Famine Roads - A True Story of Human Tragedy

 

The tragedy of the Great Famine will be discussed by author Charles Egan at the next talk of the Rathdrum Historical Society on Monday 8th May.

This disastrous event has been depicted in numerous novels, plays and drama on both the big and small screen. While the content can be described as ‘faction’, a mixture of fact and fiction, the two novels penned by Charles Egan, The Killing Snows and The Exile Breed are based on historical documents and family history, with a transnational element. 

Charles’ talk, entitled ‘The Famine Roads – A box of old family papers and the horror of the Great Irish Famine’, is based on six famine documents discovered by his father in 1990 in the old family farmhouse in Kiltimagh, County Mayo. The documents detail the horror of the famine relief roads during one of the most savage episodes of Irish history. They also tell of an impossible, but true, love story which had been spoken of in the family for generations.

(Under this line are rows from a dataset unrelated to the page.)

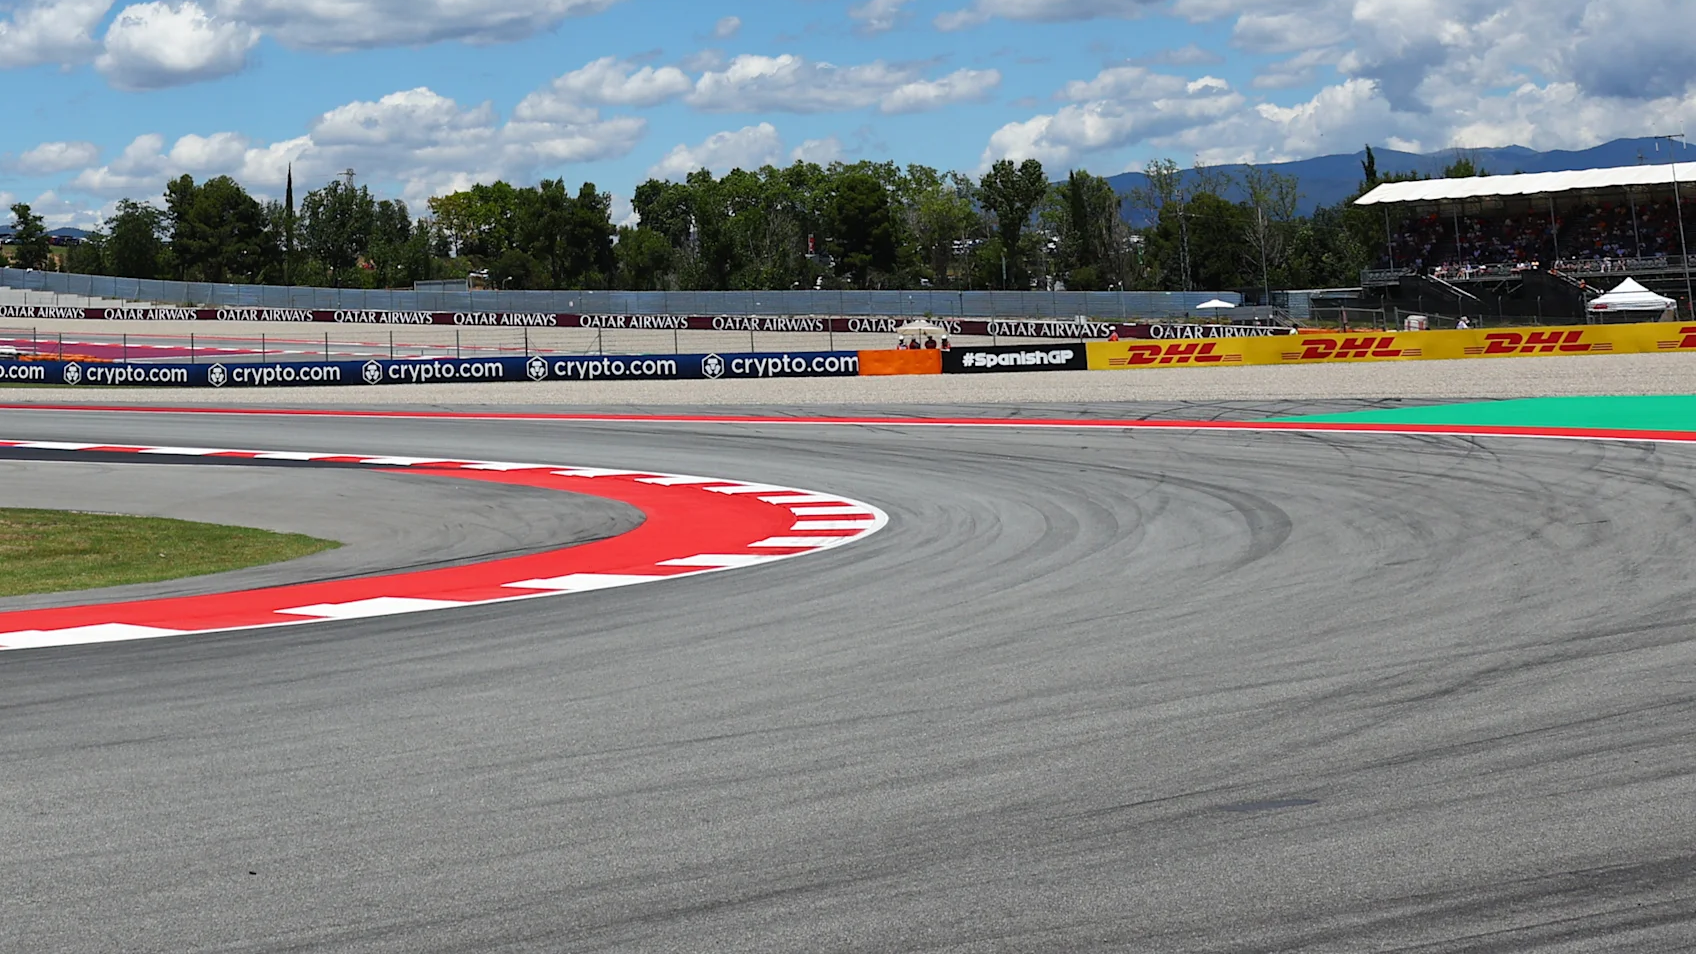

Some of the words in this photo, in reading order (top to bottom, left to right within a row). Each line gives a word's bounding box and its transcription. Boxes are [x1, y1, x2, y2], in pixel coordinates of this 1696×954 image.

[38, 307, 86, 319] AIRWAYS
[104, 308, 143, 320] QATAR
[146, 309, 197, 321] AIRWAYS
[217, 309, 259, 321] QATAR
[263, 309, 313, 322] AIRWAYS
[334, 310, 377, 323] QATAR
[380, 312, 433, 324] AIRWAYS
[454, 313, 497, 325] QATAR
[501, 313, 557, 326] AIRWAYS
[580, 315, 625, 327] QATAR
[629, 316, 688, 329] AIRWAYS
[712, 317, 759, 330] QATAR
[763, 318, 824, 331] AIRWAYS
[848, 319, 896, 332] QATAR
[987, 321, 1037, 336] QATAR
[1041, 322, 1110, 337] AIRWAYS
[1150, 324, 1204, 339] QATAR
[1208, 327, 1275, 338] AIRWAYS
[1301, 336, 1402, 359] DHL
[1483, 330, 1592, 354] DHL
[962, 349, 1074, 369] #SpanishGP
[1127, 342, 1224, 365] DHL
[388, 360, 504, 382] crypto.com
[554, 356, 677, 379] crypto.com
[731, 353, 859, 377] crypto.com
[86, 364, 188, 383] crypto.com
[232, 363, 341, 384] crypto.com

 Though Charles was born in Nottingham, he has lived in Tipperary and London and has close connections with Wicklow where he attended the De La Salle Brothers School before moving to the Jesuits’ Clongowes Wood College. He subsequently studied Commerce in UCD. After an initial career in the private sector, he joined the IDA, before setting up his own business. Apart from literature, his main interests are history, film and worldwide travel.

 To find out more about the background to this intriguing story in Mayo, Wicklow, England and America come along to the Rathdrum Historical Society talk by Charles on Monday 8th May in Avondale Community College at 8 pm. All are welcome.